> **Work to complete**: An exact copy of all records is expected, minus the images.

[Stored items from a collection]
━━━━━━━━━━━━━━━━━━━━
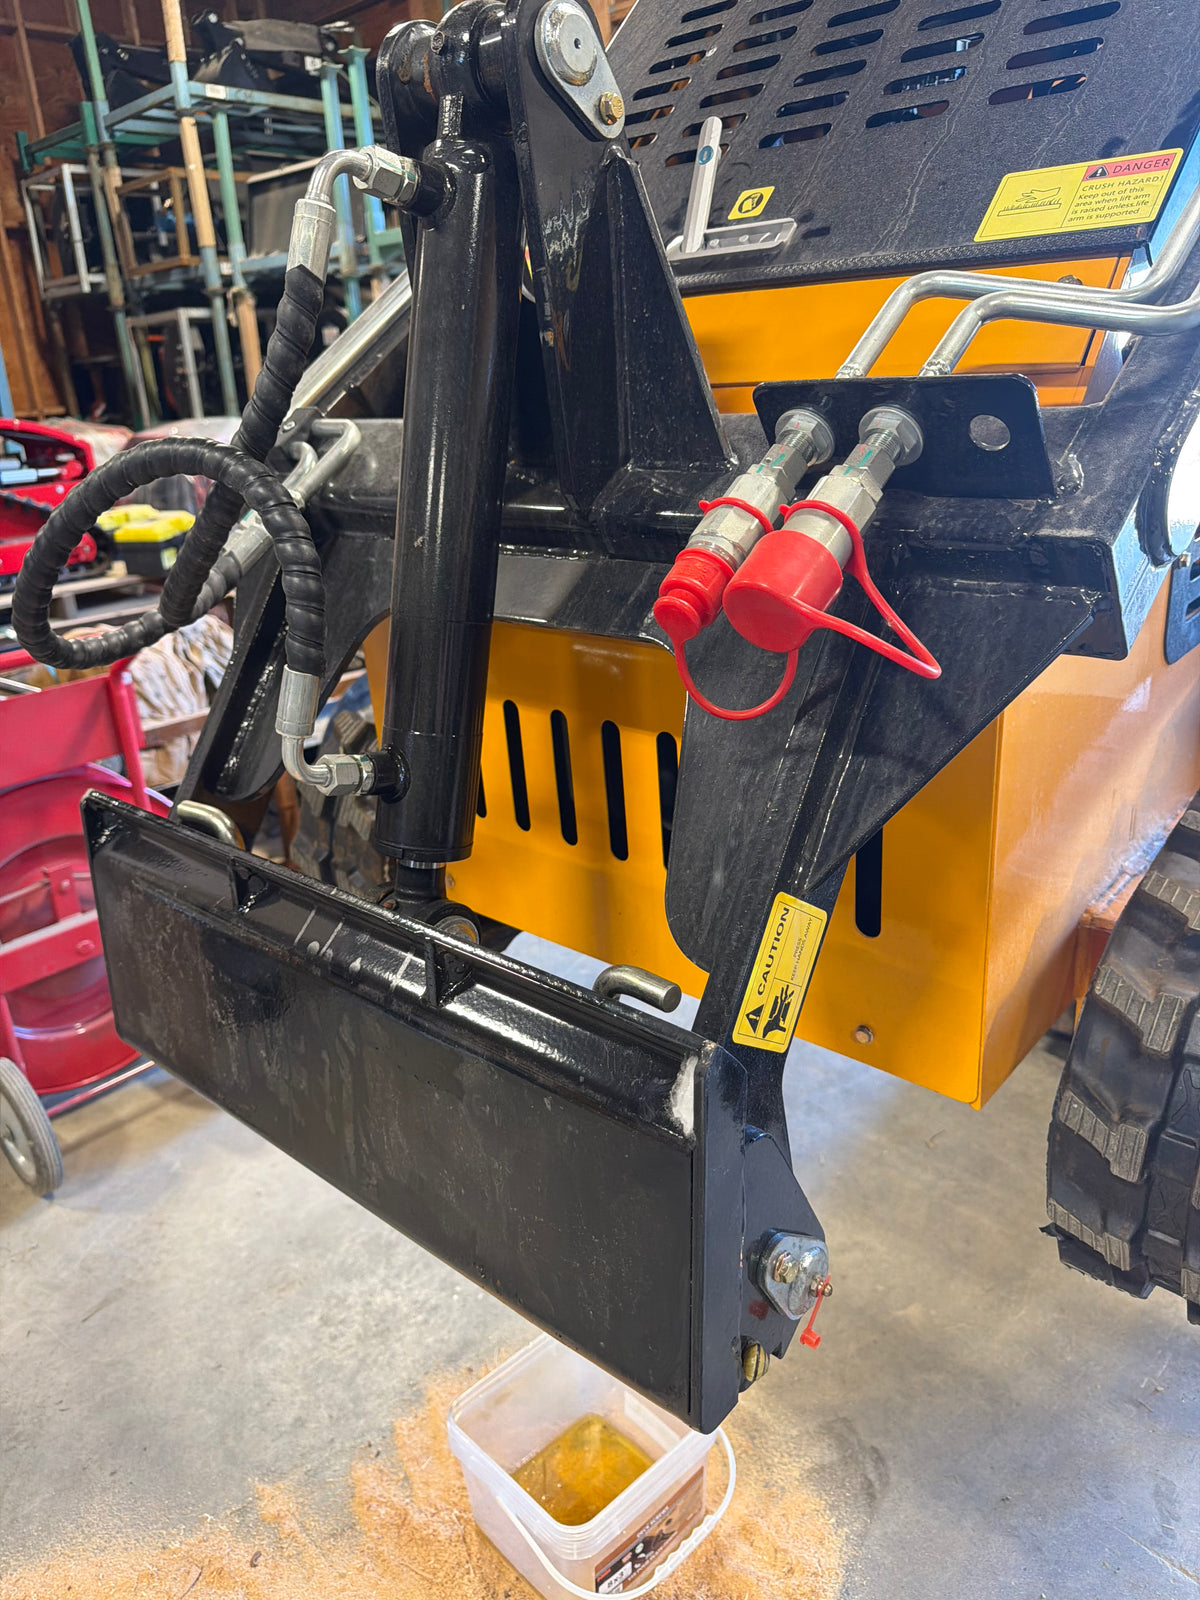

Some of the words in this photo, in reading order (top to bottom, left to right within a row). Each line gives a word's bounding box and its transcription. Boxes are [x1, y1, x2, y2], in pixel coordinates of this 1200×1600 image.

[1113, 158, 1170, 174] DANGER
[1082, 182, 1115, 192] CRUSH
[1118, 175, 1164, 187] HAZARD!
[1074, 200, 1093, 208] area
[1095, 197, 1118, 206] when
[1120, 194, 1131, 202] lift
[1133, 193, 1151, 201] arm
[1078, 193, 1099, 201] Keep
[1101, 190, 1115, 198] out
[1117, 187, 1128, 195] of
[1129, 186, 1144, 194] this
[1079, 205, 1106, 214] raised
[1094, 208, 1140, 219] supported
[803, 917, 813, 938] AWAY
[757, 907, 790, 996] CAUTION
━━━━━━━━━━━━━━━━━━━━
> **Problem solution**:
Some of the words in this photo, in reading order (top to bottom, left to right within a row). Each line gives a word's bounding box and its transcription. Boxes are [x1, y1, x2, y2], in pixel coordinates of this 1200×1600 image.

[1113, 158, 1170, 174] DANGER
[1082, 182, 1115, 192] CRUSH
[1118, 175, 1164, 187] HAZARD!
[1074, 200, 1093, 208] area
[1095, 197, 1118, 206] when
[1120, 194, 1131, 202] lift
[1133, 193, 1151, 201] arm
[1078, 193, 1099, 201] Keep
[1101, 190, 1115, 198] out
[1117, 187, 1128, 195] of
[1129, 186, 1144, 194] this
[1079, 205, 1106, 214] raised
[1094, 208, 1140, 219] supported
[803, 917, 813, 938] AWAY
[757, 907, 790, 996] CAUTION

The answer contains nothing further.